The panel on the left shows the results from the discrimination task, and the panel on the right contains data from the estimation task. The discrimination data are expressed as the “just noticeable difference” or JND, which refers to the point at which the two correlations were correctly discriminated 75% of the time. The smaller the JND, the greater the discriminability. The estimation data are expressed as the correlation to which the test plot was adjusted, as a function of the true correlation that is halfway between the two reference plots.
In both panels, the physical correlation is plotted on the abscissa (X-axis). The data differ strikingly between panels: whereas discrimination performance is a linear function of physical correlation, such that accuracy increases as the magnitude of the correlations to be compared increases, there is a curvilinear (logarithmic) relationship for the estimation task.

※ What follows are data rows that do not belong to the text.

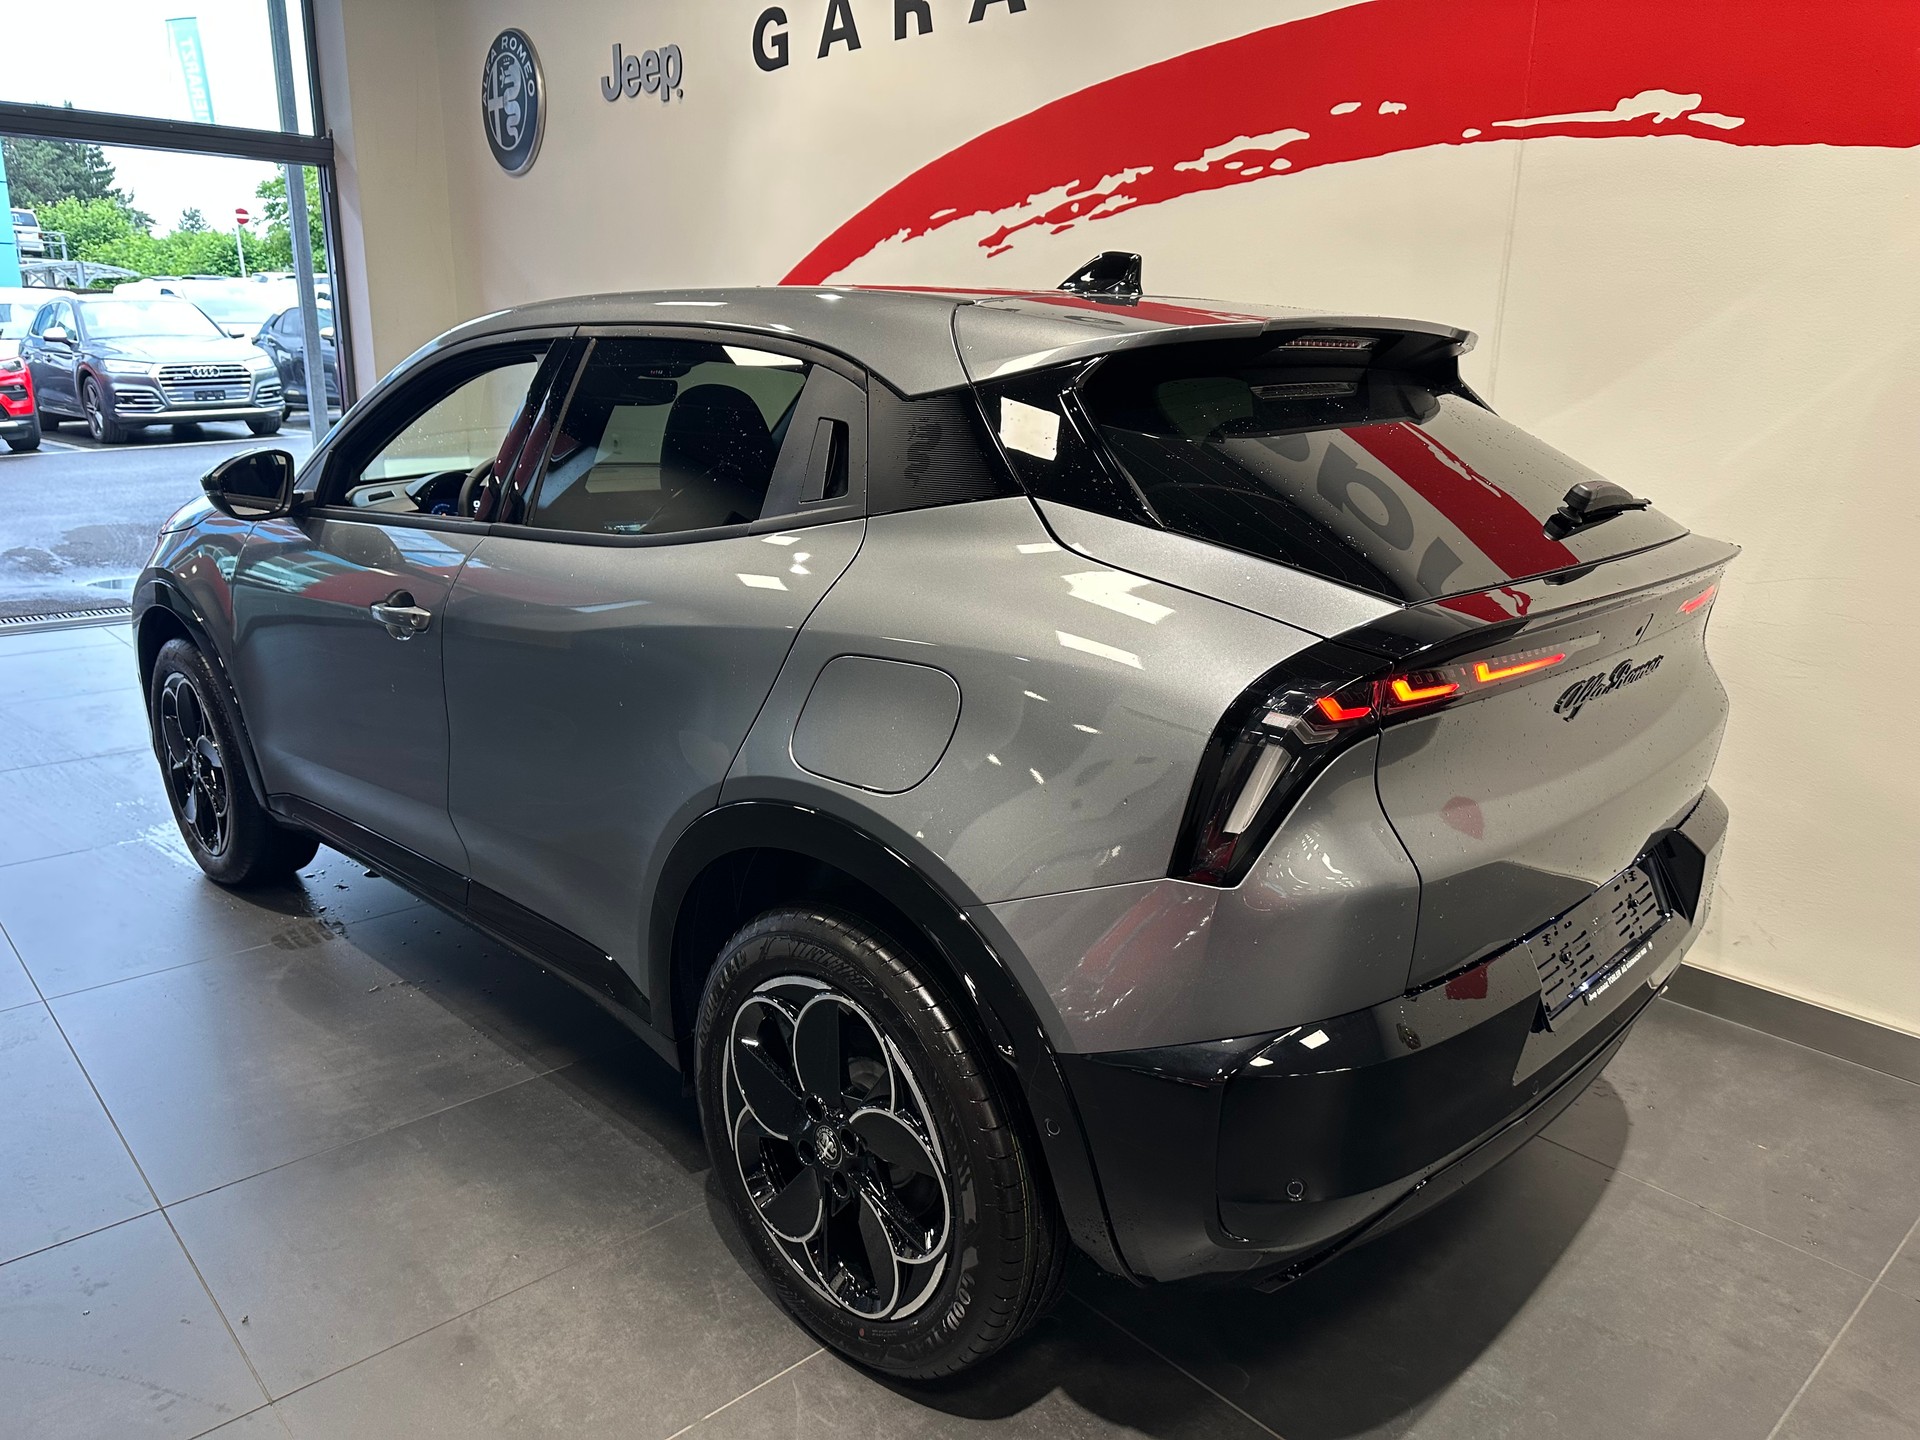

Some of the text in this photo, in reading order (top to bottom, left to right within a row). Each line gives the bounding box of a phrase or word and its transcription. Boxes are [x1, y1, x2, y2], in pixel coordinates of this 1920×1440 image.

[482, 35, 536, 107] ALFA ROMEO
[601, 43, 683, 102] Jeep
[1552, 655, 1665, 722] Alfa Romeo
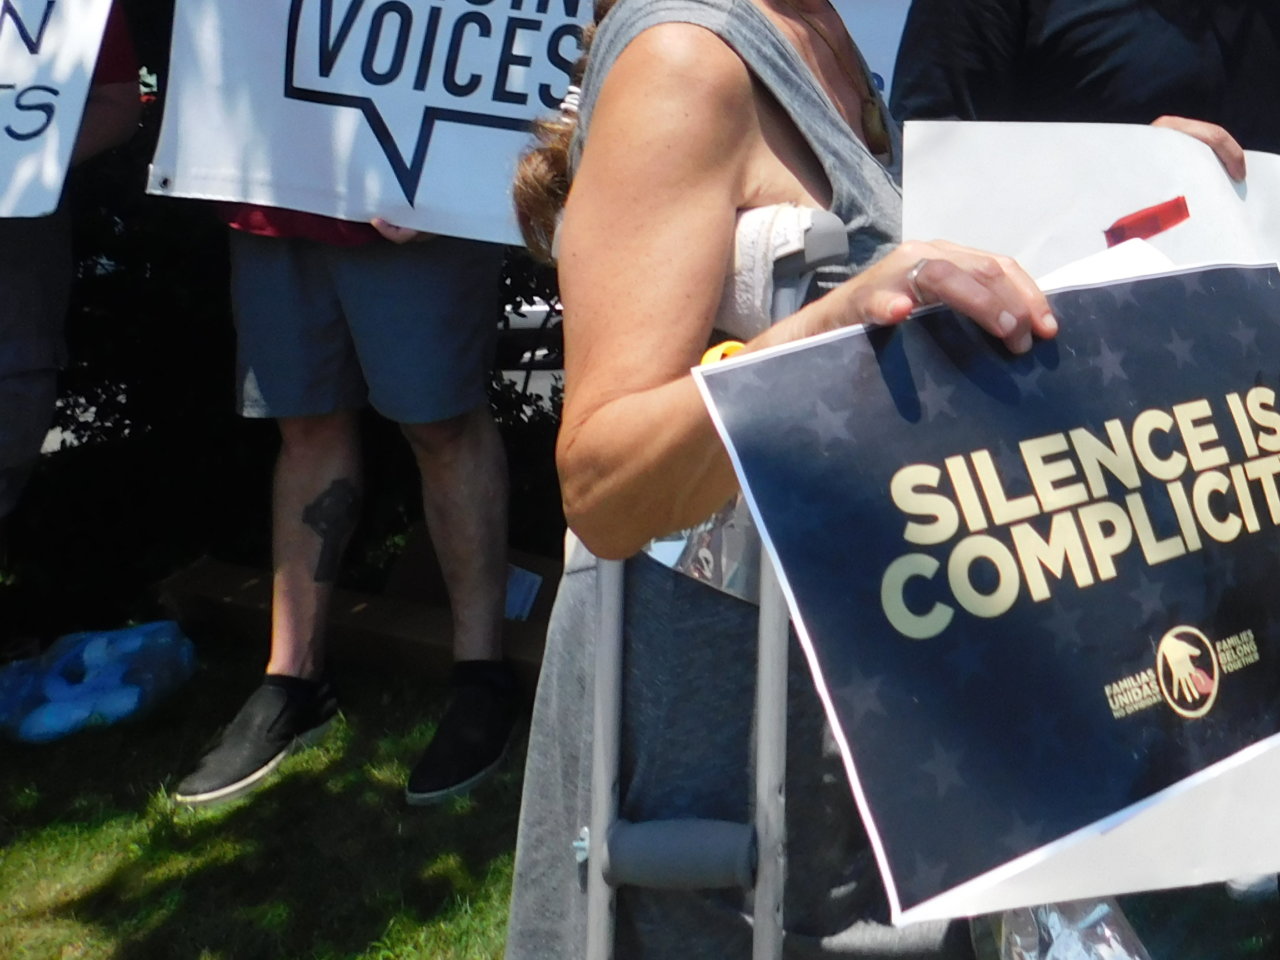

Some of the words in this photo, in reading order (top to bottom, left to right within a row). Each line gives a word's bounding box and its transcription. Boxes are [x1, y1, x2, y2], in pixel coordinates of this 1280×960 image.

[889, 398, 1230, 545] SILENCE
[1215, 629, 1254, 653] FAMILIES
[1218, 640, 1257, 666] BELONG
[1104, 667, 1156, 696] FAMILIAS
[1108, 681, 1160, 711] UNIDAS
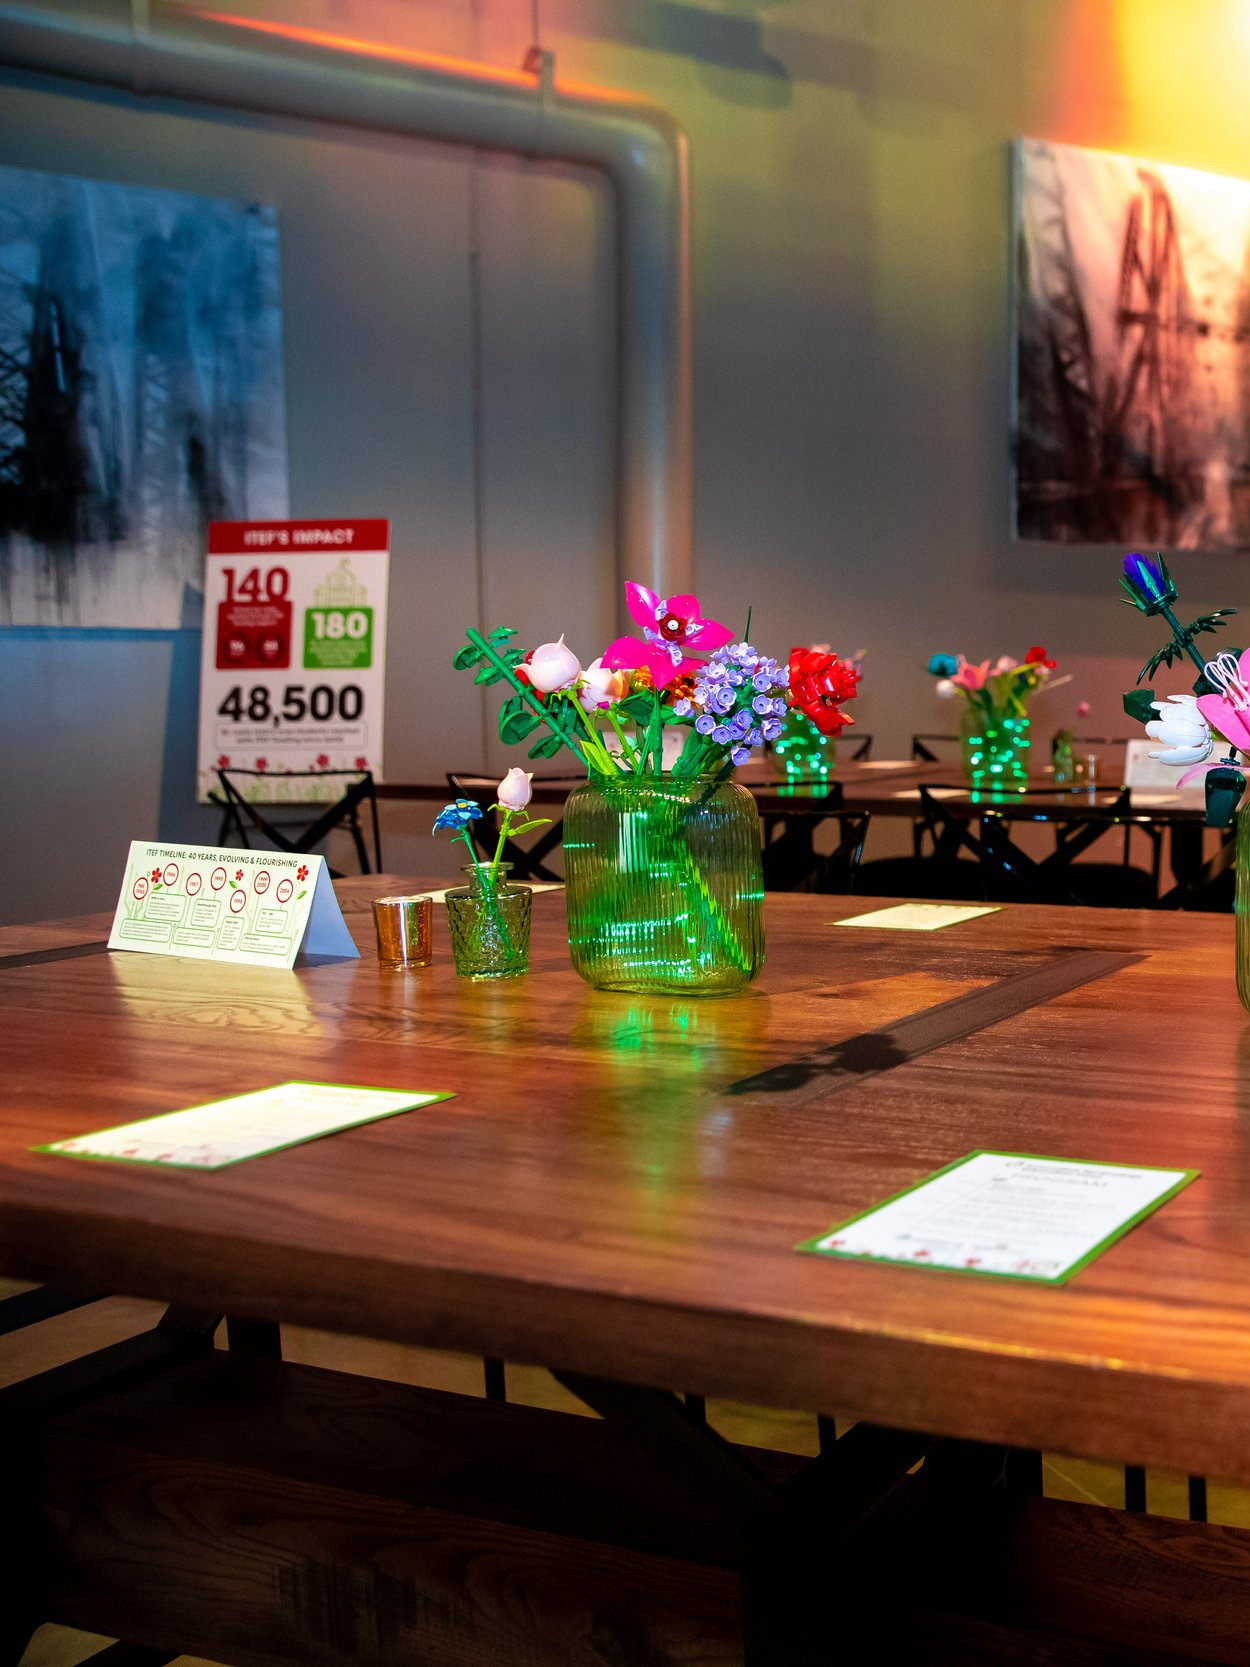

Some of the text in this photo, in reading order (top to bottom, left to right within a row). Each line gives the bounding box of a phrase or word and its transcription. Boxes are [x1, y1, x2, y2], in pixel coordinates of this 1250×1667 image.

[243, 528, 354, 545] ITEF'S IMPACT
[222, 566, 289, 602] 140
[312, 611, 368, 639] 180
[218, 684, 364, 727] 48,500
[146, 848, 158, 857] ITEF
[159, 850, 187, 859] TIMELINE:
[188, 852, 197, 860] 40
[218, 855, 249, 864] EVOLVING
[256, 857, 298, 868] FLOURISHING
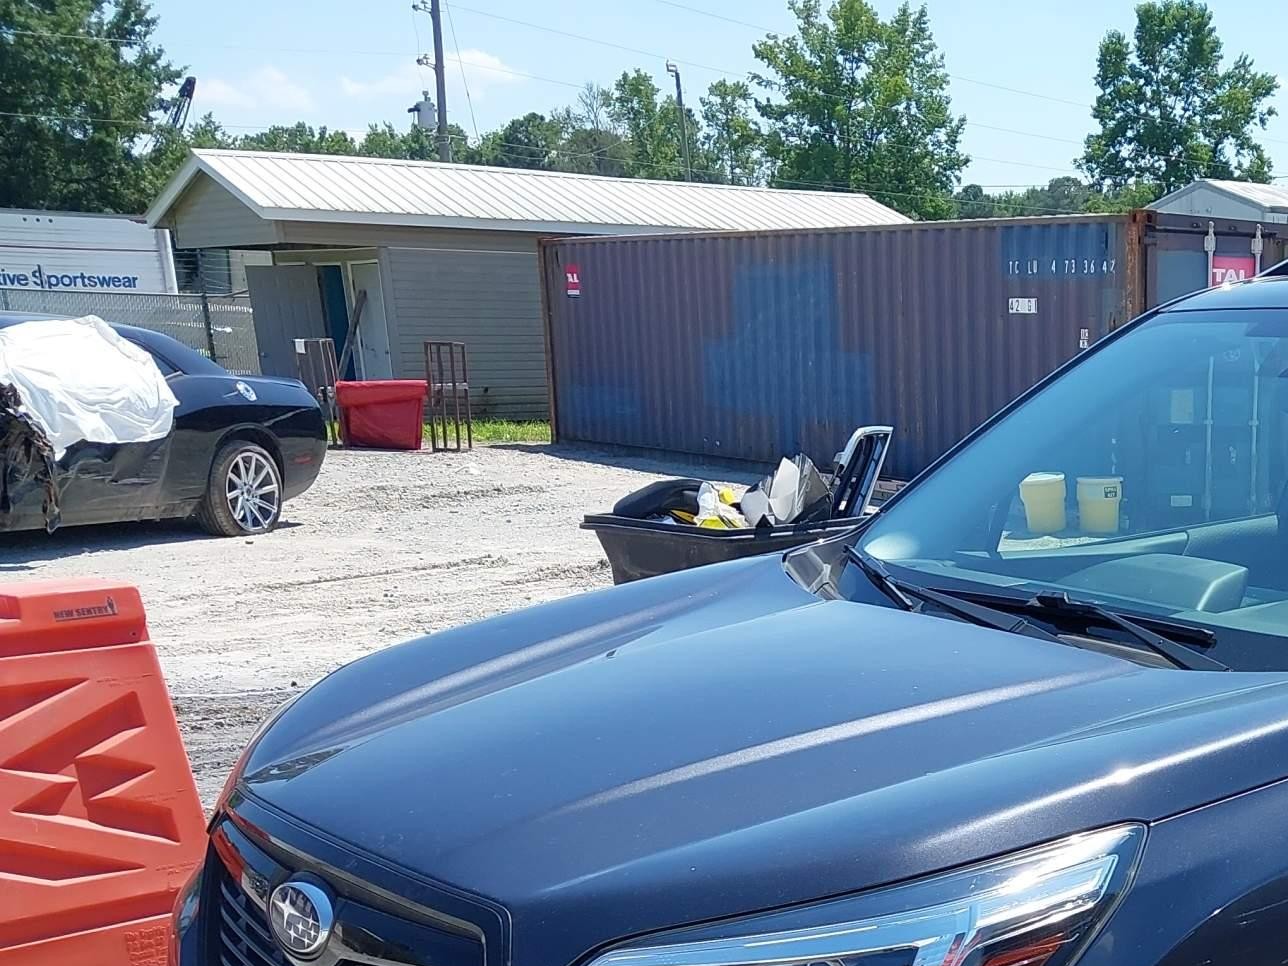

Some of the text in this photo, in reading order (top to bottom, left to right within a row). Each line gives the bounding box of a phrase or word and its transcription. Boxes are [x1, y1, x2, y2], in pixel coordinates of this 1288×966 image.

[32, 264, 138, 289] Sportswear
[53, 605, 108, 618] NEW SENTRY
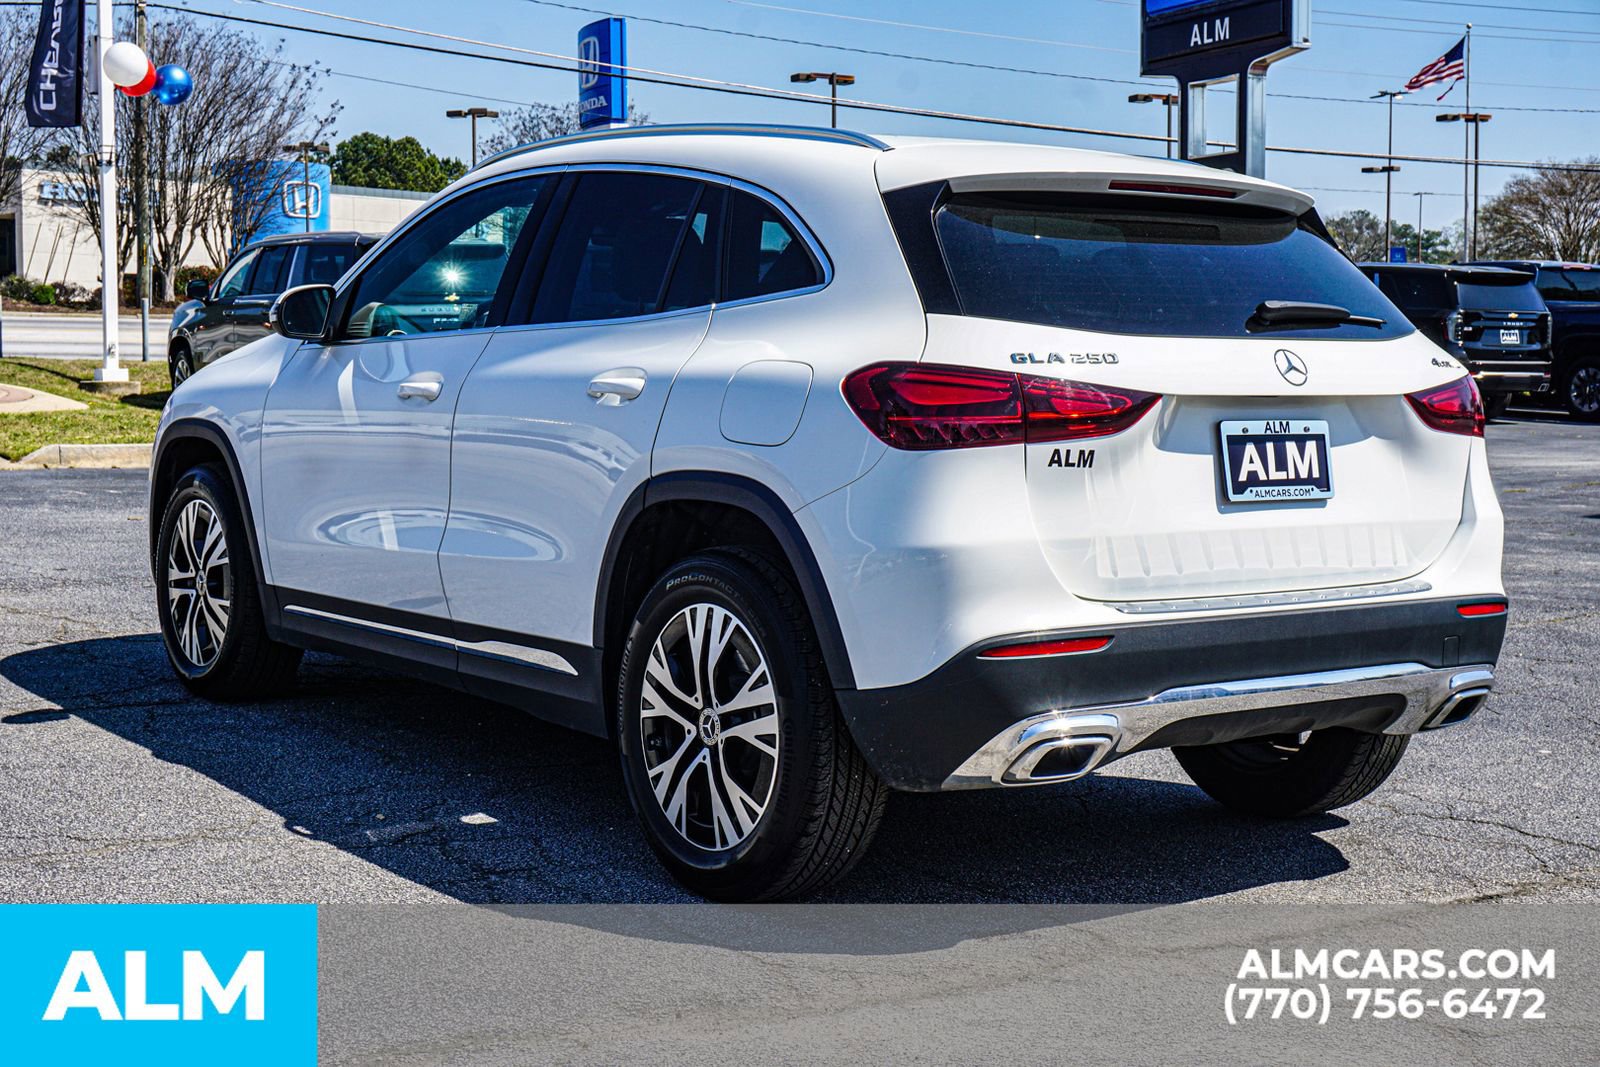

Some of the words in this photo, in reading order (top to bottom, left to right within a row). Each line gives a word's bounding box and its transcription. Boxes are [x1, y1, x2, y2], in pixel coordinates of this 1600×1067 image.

Why do the data take the form they do?
Rensink puts forward three suggestions to explain the data: First, people are thought to infer something quite abstract from the plot. This abstract representation must involve more than just a geometric image of the point cloud because in other experiments, correlation perception has been found to obey the same pattern as in the above figure, even if one of the spatial dimension (i.e., the Y-axis in the scatterplot) is replaced by something entirely different—such as the size of circles or orientation of lines.
Second, people are thought to estimate a probability density function from this abstract representation, whose width is one principal determinant of how correlations are perceived. The figure below shows how a scatterplot maps into this presumed density representation:
It turns out that the function relating perceived magnitudes to physical correlations can be reproduced from (among other parameters) the presumed width of the three-dimensional density function on the right of this figure.
Finally, Rensink suggests that the reason people rely on the width of a probability distribution is because the visual system can detect the information entropy inherent in the plot, and this quantity is used as a proxy for the correlation. Entropy turns out to be related to the width of the above distribution.
One practical implication of these results is that if people’s perception of scatterplots is based on an abstract probability distribution, then properties other than spatial position—such as color, size, or orientation—may be equally useful for displaying correlations.
Article focused on in this post:
Rensink, R. A. (2016). The nature of correlation perception in scatterplots. Psychonomic Bulletin & Review. DOI: 10.3758/s13423-016-1174-7.